Water tulipa 'monsella' moist in active spring growth; dry through summer dormancy. Water in after autumn planting, then let rainfall do the work. Supplement during dry spring spells, but keep dormant summer bulbs dry to prevent rot. The finger-test (or lifting the pot to feel its weight) beats a fixed weekly calendar because pot size, light, and season all change how fast the soil dries.
Is tulipa 'monsella' toxic to cats and dogs?
Tulipa 'Monsella' is toxic to pets. ASPCA lists Tulipa as toxic to cats, dogs and horses. The bulb holds the highest concentration of toxic tulipalin A and B; ingestion causes drooling, vomiting, diarrhoea and depression.
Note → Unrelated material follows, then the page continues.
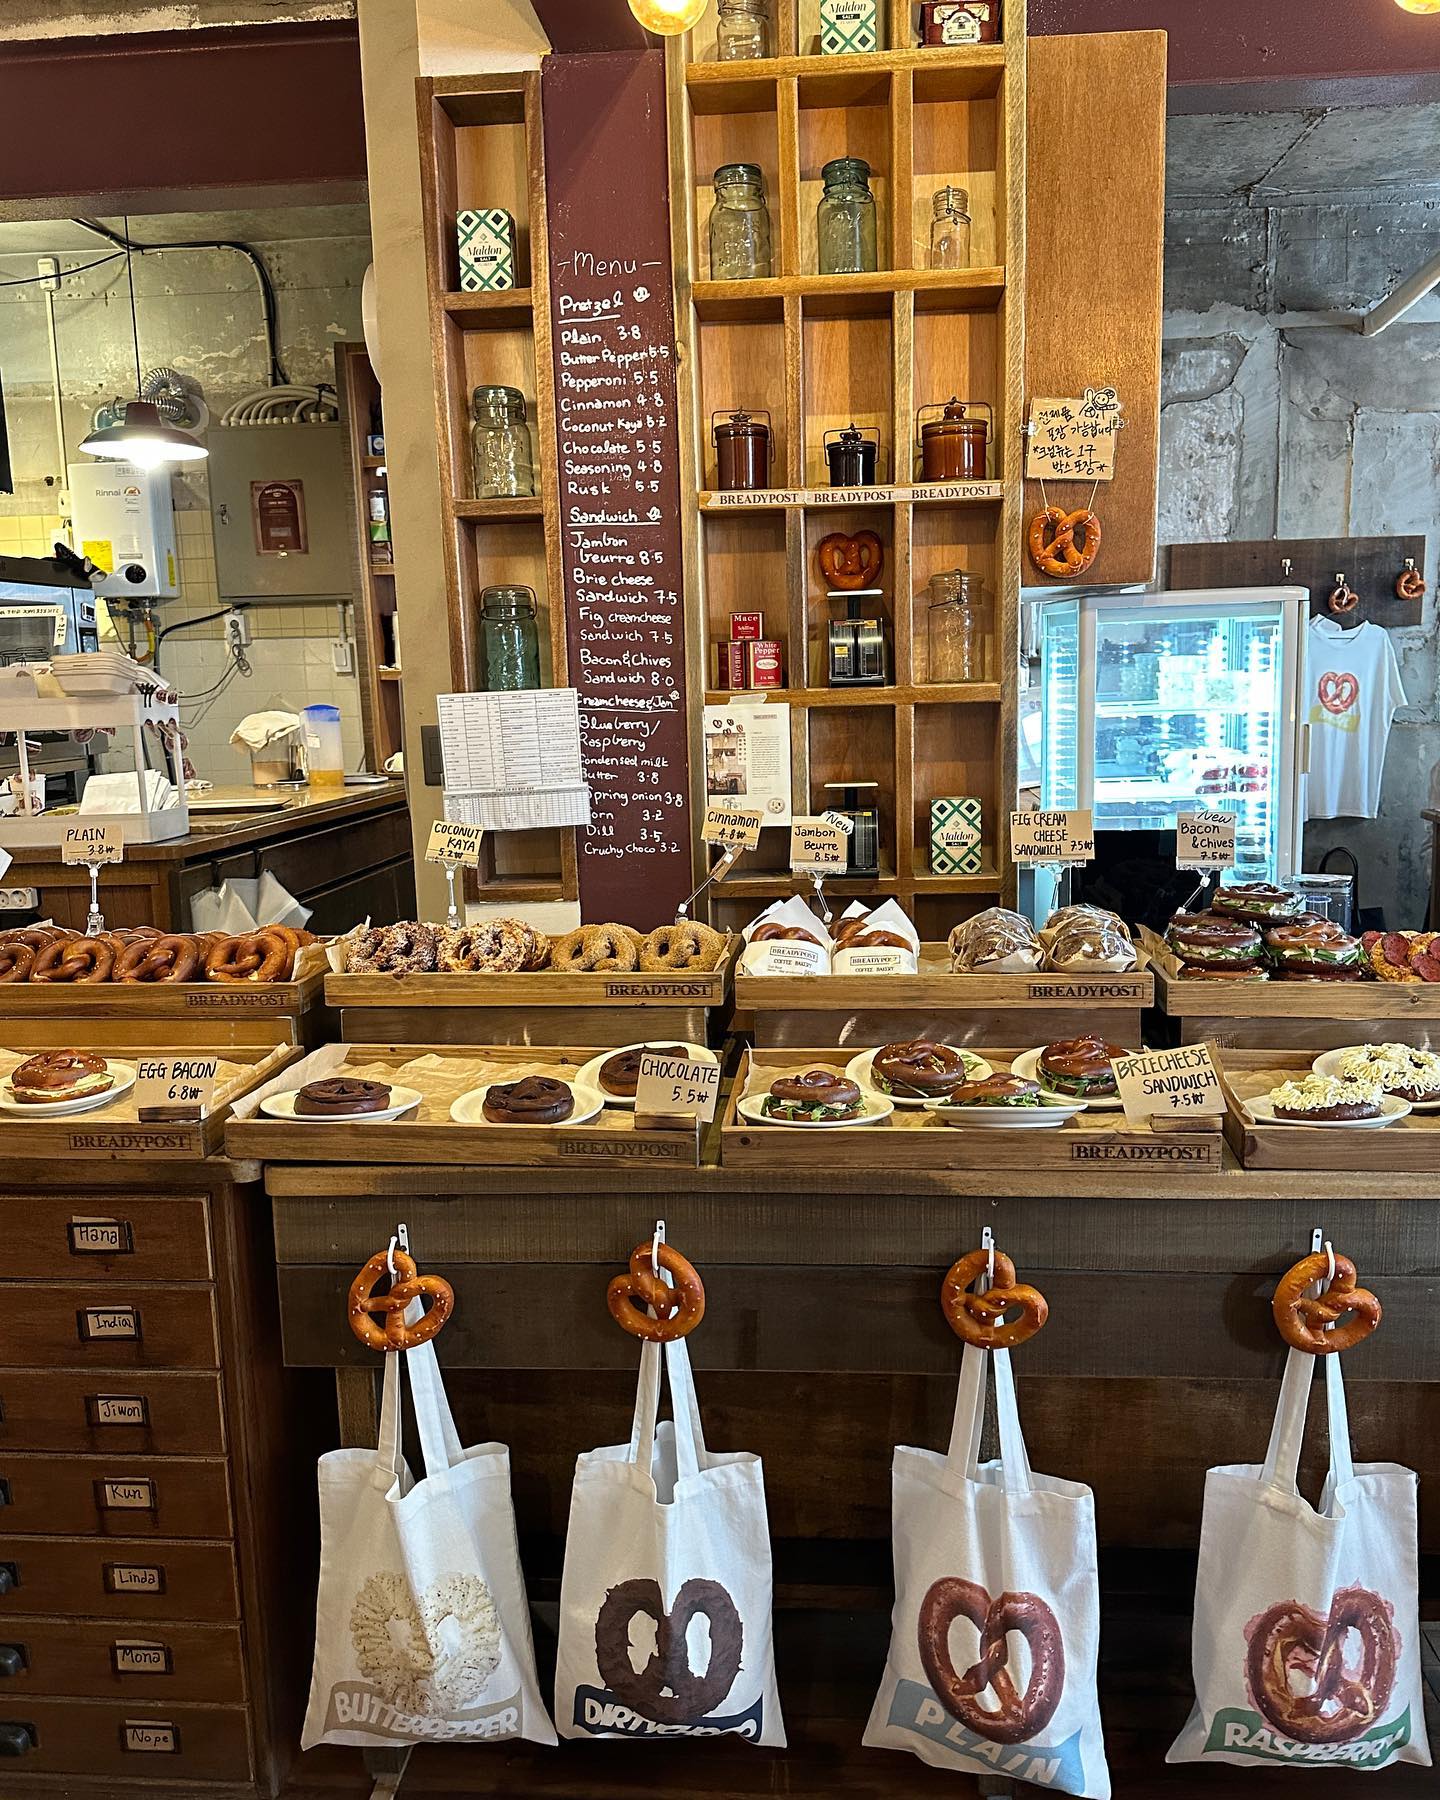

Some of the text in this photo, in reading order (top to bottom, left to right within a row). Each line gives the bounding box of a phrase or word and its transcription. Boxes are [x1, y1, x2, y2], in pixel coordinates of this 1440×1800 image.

Store and plant bulbs where pets cannot dig them up.
What USDA hardiness zone does tulipa 'monsella' grow in?
Tulipa 'Monsella' is rated for USDA zone 3-8 and RHS hardiness H6. Outside that range, grow it as a container plant that overwinters indoors before the first hard frost.
Tulipa 'Monsella' deep-dive guides
Every aspect of tulipa 'monsella' care, each with its own calibrated guide:
- Tulipa 'Monsella' watering schedule
- Tulipa 'Monsella' light requirements
- Best soil mix for tulipa 'monsella'
- Tulipa 'Monsella' fertilizing guide
- When to repot tulipa 'monsella'
- How to propagate tulipa 'monsella'
- Tulipa 'Monsella' growth rate & size
- Tulipa 'Monsella' cold hardiness
- Tulipa 'Monsella' temperature & humidity
- Is tulipa 'monsella' toxic to cats & dogs?
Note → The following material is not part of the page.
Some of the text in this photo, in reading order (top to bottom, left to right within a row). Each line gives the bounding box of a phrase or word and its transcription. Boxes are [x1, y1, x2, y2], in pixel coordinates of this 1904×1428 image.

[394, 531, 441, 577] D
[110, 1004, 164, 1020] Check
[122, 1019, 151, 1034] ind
- Is tulipa 'monsella' toxic to cats?
- Is tulipa 'monsella' toxic to dogs?
- Getting tulipa 'monsella' to bloom
Featured in these plant shortlists
Tulipa 'Monsella' qualifies for 5 curated Growli shortlists — each one filtered objectively from our structured plant-care library, so the selection is consistent and checkable:
- Best flowering houseplants — Indoor plants grown for their blooms — selected from the flowering species in Growli’s plant-care library.
- Houseplants toxic to cats & dogs — The common houseplants the ASPCA lists as toxic to cats and dogs — the ones to keep out of reach, each with its symptoms and a safe alternative.
- Best small & tabletop houseplants — Compact houseplants that stay under about 40 cm — desk, shelf and windowsill plants that never outgrow a small space.
- Best houseplants for full sun — Houseplants that want direct sun — the species for a hot south or west-facing windowsill where shade-lovers scorch.
- Best fragrant houseplants — Indoor plants with scented flowers or aromatic foliage — greenery you can smell, selected from our care library.
- Browse all 29 plant shortlists — pet-safe, low-light, drought-tolerant and more
Related guides
Tulipa 'Monsella' is also known as Monsella tulip, double early tulip, and yellow red double tulip.